2. Primer año

No quise moverme ni pestañear. No quería despedirme ni voltear hacia adelante porque aunque escuchaba las pisadas que se iban apagando por cada segundo que pasaba, algo dentro de mí me decía que no debía de interrumpir. Su silueta ya no estaba a mi lado y solo nieve manchada de sangre estaba conmigo a mí alrededor. Giselle me había empapado por completo. Mi camisa, mis brazos. Todo mi cuerpo estaba pintado de aquel líquido carmesí que aunque me había alimentado... no me había gustado en lo absoluto.

Intenté decir su nombre y deseé seguirle, pero no pude levantarme ni gritarle. Me quedé en silencio sin poder creer todavía lo que mi inocencia y mi orgullo habían causado.

Mi cabeza lloraba por la pérdida, pero mi uso de razón gritaba enojada por encontrar las malditas cámaras escondidas que seguramente se reían de mí. Pensaba que esto era una simple broma... una broma que terminaría en cualquier minuto. 

Me quedé esperando con lágrimas congeladas en mi rostro. Mi cabello bailó con la ventisca mientras solo pude mirar las primeras huellas que él había dejado.
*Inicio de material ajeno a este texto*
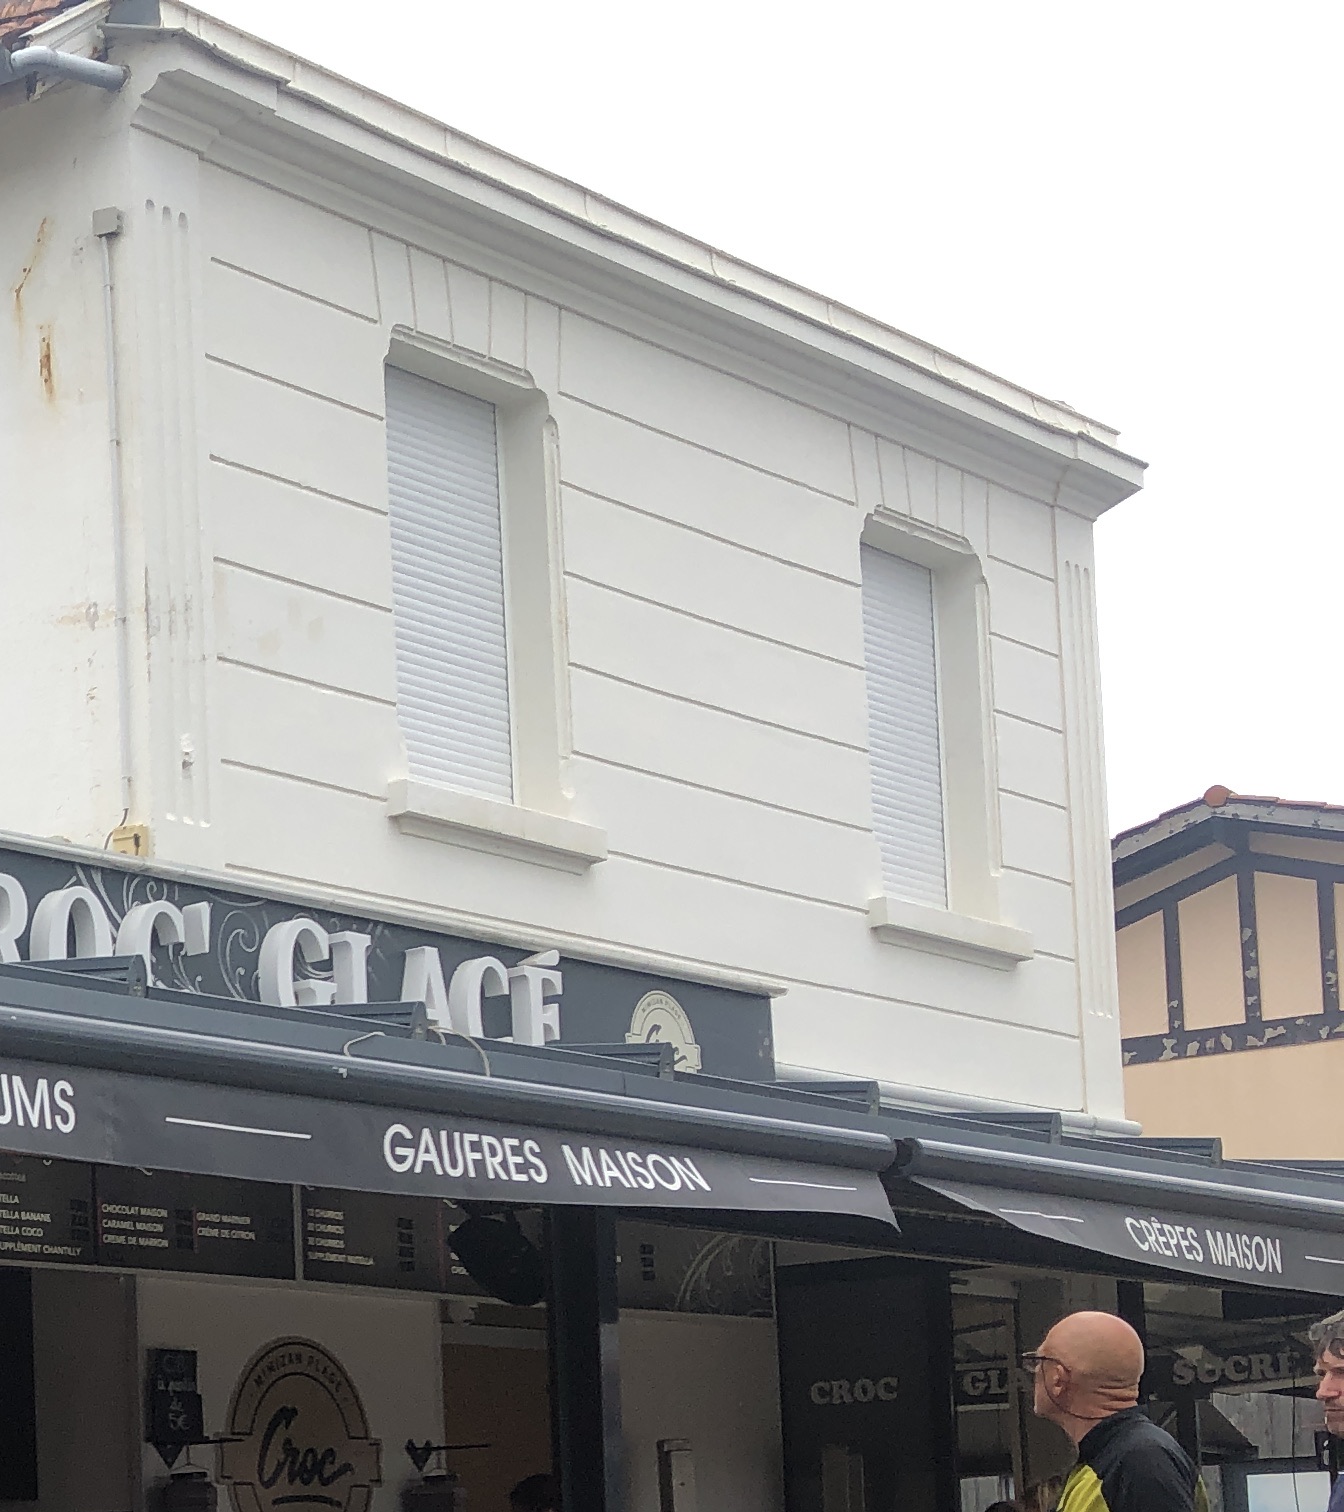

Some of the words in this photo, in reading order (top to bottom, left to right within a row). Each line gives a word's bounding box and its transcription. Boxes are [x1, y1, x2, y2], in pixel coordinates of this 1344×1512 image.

[384, 1123, 547, 1184] GAUFRES
[564, 1145, 711, 1192] MAISON
[101, 1203, 139, 1217] CHOCOLAT
[21, 1225, 44, 1238] COCO
[102, 1219, 135, 1231] CARAMEL
[1124, 1216, 1204, 1264] CRÊPES
[1209, 1230, 1283, 1275] MAISON
[810, 1376, 899, 1405] CROC
[257, 1405, 354, 1489] Croc
Volvería en dos segundos, seguro lo haría... pero tiempo pasó y pasó y él nunca volvió.

Me quedé mirando, con el alma vacía, a la blanca nieve. Esa blanca y maldita nieve que lloró por mí.
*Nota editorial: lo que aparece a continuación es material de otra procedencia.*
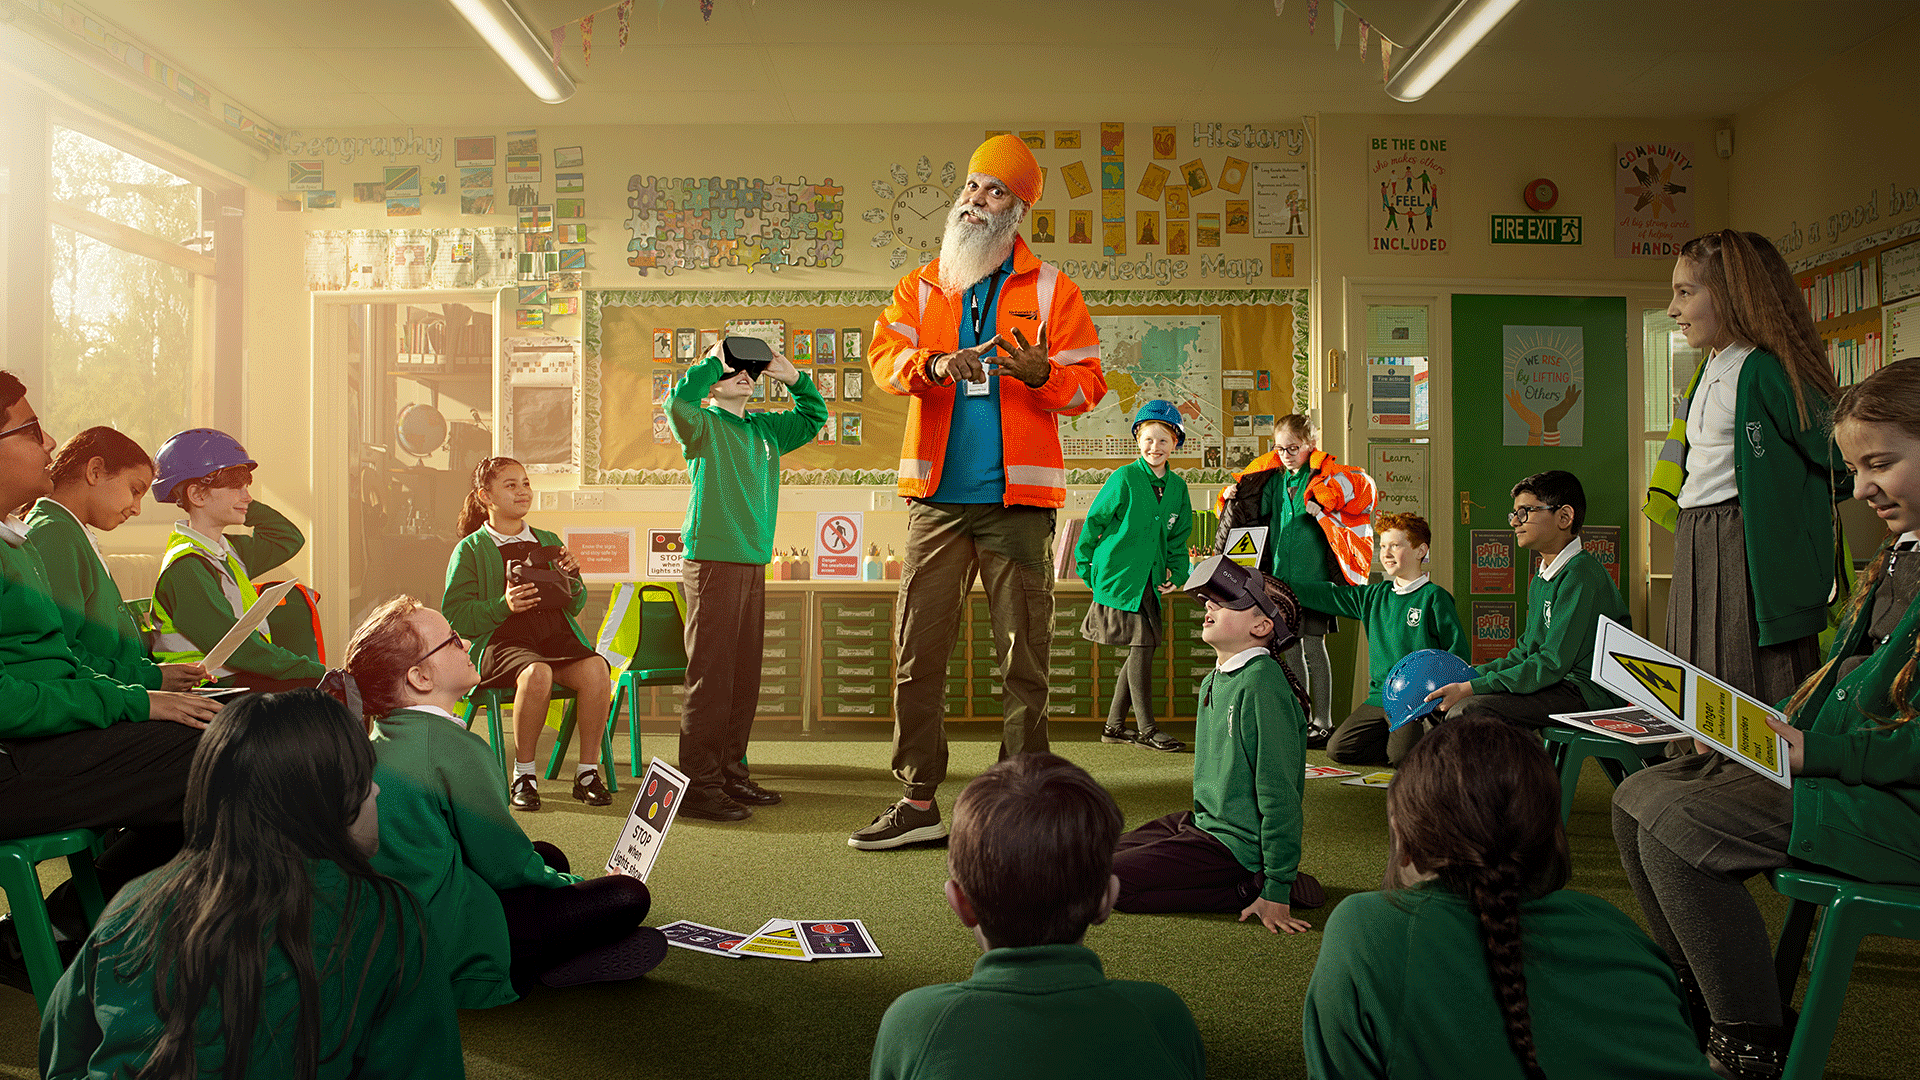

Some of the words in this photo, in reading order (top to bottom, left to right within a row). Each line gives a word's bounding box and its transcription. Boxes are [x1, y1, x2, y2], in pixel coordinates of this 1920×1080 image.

[282, 128, 442, 164] Geography
[1193, 122, 1303, 156] History
[1372, 138, 1387, 150] BE
[1392, 139, 1415, 150] THE
[1420, 140, 1446, 151] ONE
[1372, 160, 1388, 173] who
[1391, 152, 1416, 165] makes
[1420, 157, 1446, 175] others
[1620, 144, 1693, 171] COMMUNITY
[1396, 196, 1425, 206] FEEL
[1620, 217, 1630, 226] A
[1632, 217, 1643, 228] big
[1646, 219, 1668, 229] strong
[1670, 220, 1690, 228] circle
[1826, 189, 1879, 244] good
[1495, 218, 1524, 239] FIRE
[1528, 219, 1557, 240] EXIT
[1648, 230, 1674, 240] helping
[1374, 238, 1446, 251] INCLUDED
[1631, 242, 1681, 255] HANDS
[1201, 253, 1263, 285] Map
[1524, 355, 1539, 366] WE
[1542, 355, 1562, 367] RISE
[1516, 369, 1529, 385] by
[1533, 372, 1570, 383] LIFTING
[1525, 385, 1560, 401] Others
[1382, 451, 1414, 463] Learn,
[1386, 471, 1413, 483] Know,
[1378, 491, 1418, 505] Progress,
[1477, 542, 1509, 556] BATTLE
[1584, 541, 1614, 552] BATTLE
[1478, 556, 1509, 568] BANDS
[1478, 614, 1509, 628] BATTLE
[1479, 628, 1510, 639] BANDS
[1702, 702, 1716, 732] Danger
[1740, 716, 1750, 752] Horseriders
[1753, 742, 1761, 759] must
[1764, 735, 1774, 766] dismount
[632, 825, 652, 846] STOP
[628, 844, 642, 861] when
[614, 850, 629, 870] lights
[628, 864, 643, 879] show
Recuerdo que los copos blancos me cayeron encima y me cubrieron lentamente. Los segundos se detuvieron a mí alrededor y solo pude ver ese color claro y horripilante que no pude evitar aborrecer con toda mi alma.

Blanco. Qué color más muerto. 

Los cuerpos putrefactos, destrozados y degollados de los cazavampiros que habían intentado matarme, comenzaron a oler al segundo o tercer día. En realidad, no sé muy bien cuanto tiempo me quedé ahí hasta que esas huellas se taparon. No quise moverme solo por si acaso. Blake estuvo dormido todo ese tiempo y yo no pude evitar sentir primero desconsuelo y luego enojo con él. Blake había sido una de las muchas razones por la que Alex había tenido que dejarme.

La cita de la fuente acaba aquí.